So irresistible in fact, that giants like Google and Facebook are making their presence felt in the neighborhood. Note the former’s much publicized purchase of a Chelsea building to house its employees. On the other hand, Facebook just bought two startups (Hot Potato and Drop.io) and is competing (somewhat ferociously) with the hottest kid on the block at the moment, Foursquare. Additionally, beneath the machinations of the big names in tech is a quiet exodus of programming talent from Silicon Valley and other places to New York, where startups are sprouting like mushrooms.

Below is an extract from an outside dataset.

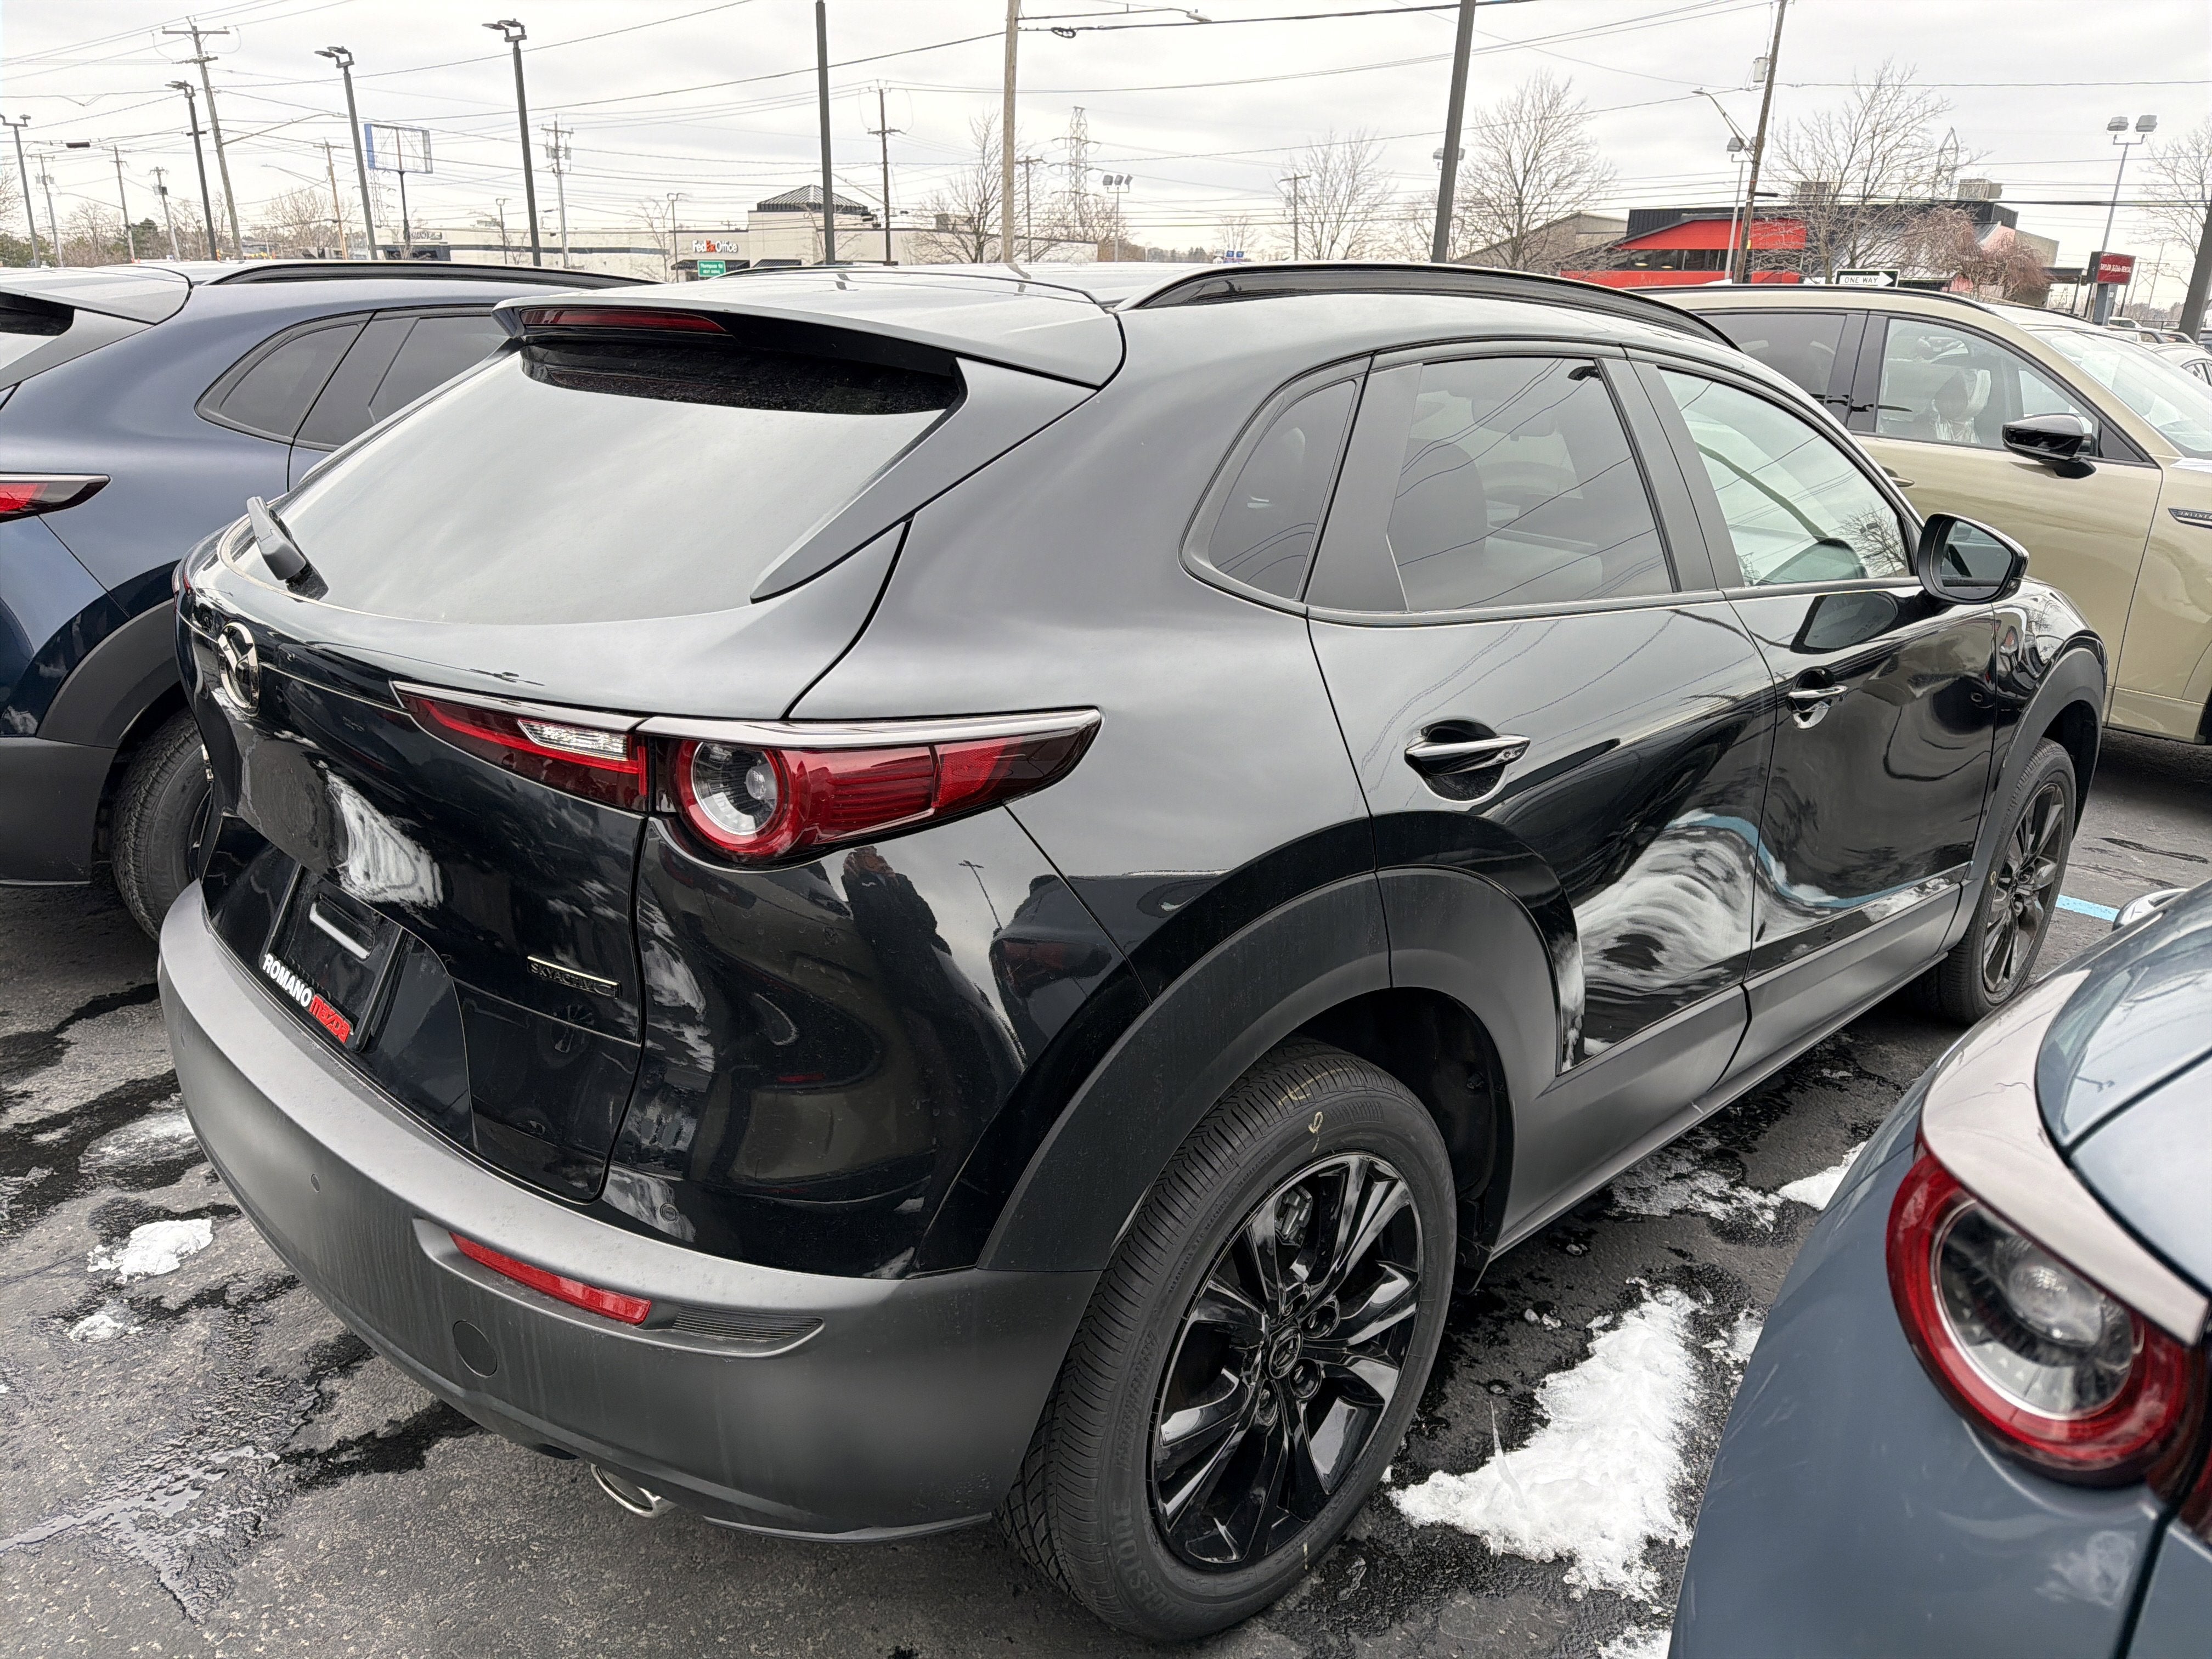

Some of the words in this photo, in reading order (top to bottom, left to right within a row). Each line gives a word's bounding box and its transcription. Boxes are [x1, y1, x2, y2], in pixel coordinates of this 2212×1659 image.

[692, 239, 715, 253] FedEx
[715, 240, 738, 253] Office
[262, 953, 312, 1007] ROMANO

Benjamin Rohe (pictured at left) says that despite the rash of speculation about a potential bubble, the numbers so far are very encouraging. Five years ago New York tech raked in $61 million in venture funding, today that amount has more than doubled, up to $138 million has been poured into startups. While it’s still rather short of Silicon Valley’s $205 million, the sudden spike is confirms an ongoing trend and gives a positive indication of things to come. Simply put, New York is where the action is. Whether it’s the 1,000 Google engineers who work here at the Big Apple or the mere presence of co-working spaces and incubators, a veritable ecosystem is now in place that makes New York the perfect breeding ground for the next big thing.
Let former Drop.io business development head and tech veteran Steve Greenwood sum it up nicely: “This is the epicenter of the next Internet revolution!”